Exact Bayesian inference for level-set Cox processes with piecewise constant intensity function
Flávio Gonçalves (UFMG)
This work proposes a new methodology to perform Bayesian inference for a class of multidimensional Cox processes in which the intensity function is piecewise constant. Poisson processes with piecewise
constant intensity functions are believed to be suitable to model a variety of point process phenomena and, given its simpler structure, are expected to provide more precise inference when compared to
processes with non-parametric and continuously varying intensity functions. The partition of the space domain is flexibly determined by a level-set function of a latent Gaussian process.

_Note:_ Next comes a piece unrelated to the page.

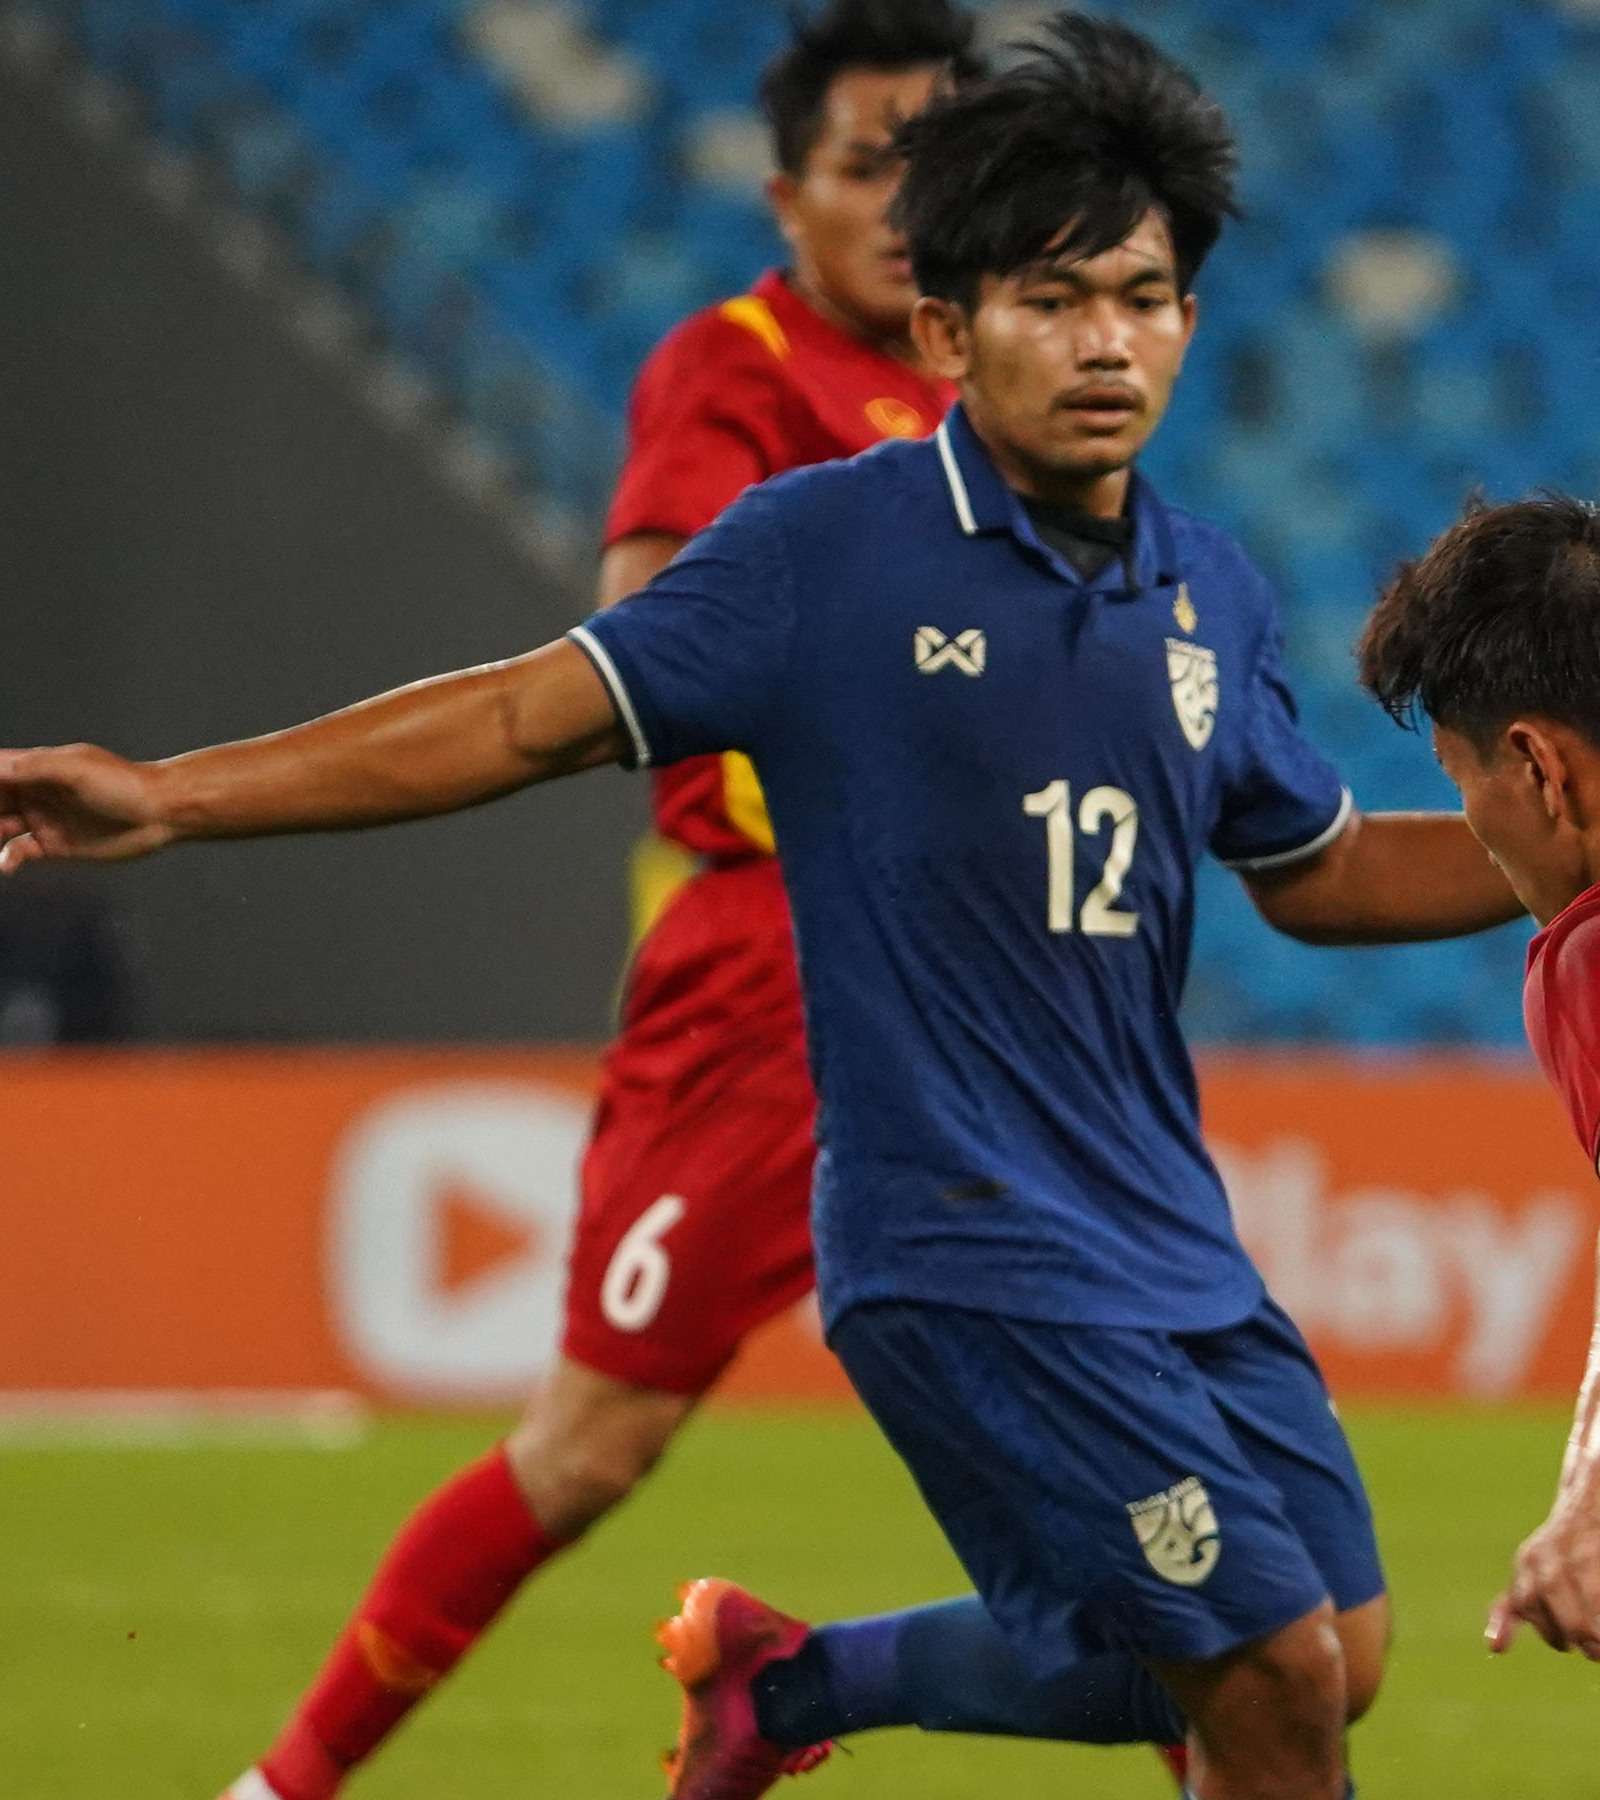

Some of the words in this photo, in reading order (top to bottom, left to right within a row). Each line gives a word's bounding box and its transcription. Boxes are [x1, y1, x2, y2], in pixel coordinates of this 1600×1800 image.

[1023, 779, 1141, 937] 12
[601, 1195, 685, 1331] 6
[1206, 1138, 1580, 1392] lay

Despite the
intractability of the likelihood function and the infinite dimensionality of the parameter space, inference is performed exactly, in the sense that no space discretization approximation is used and MCMC
error is the only source of inaccuracy. That is achieved by using retrospective sampling techniques and devising a pseudo-marginal infinite-dimensional MCMC algorithm that converges to the exact target
posterior distribution. Computational efficiency is favored by considering a nearest neighbor Gaussian process, allowing for the analysis of large datasets. An extension to consider spatiotemporal models
is also proposed. The efficiency of the proposed methodology is investigated in simulated examples and its applicability is illustrated in the analysis of some real point process datasets.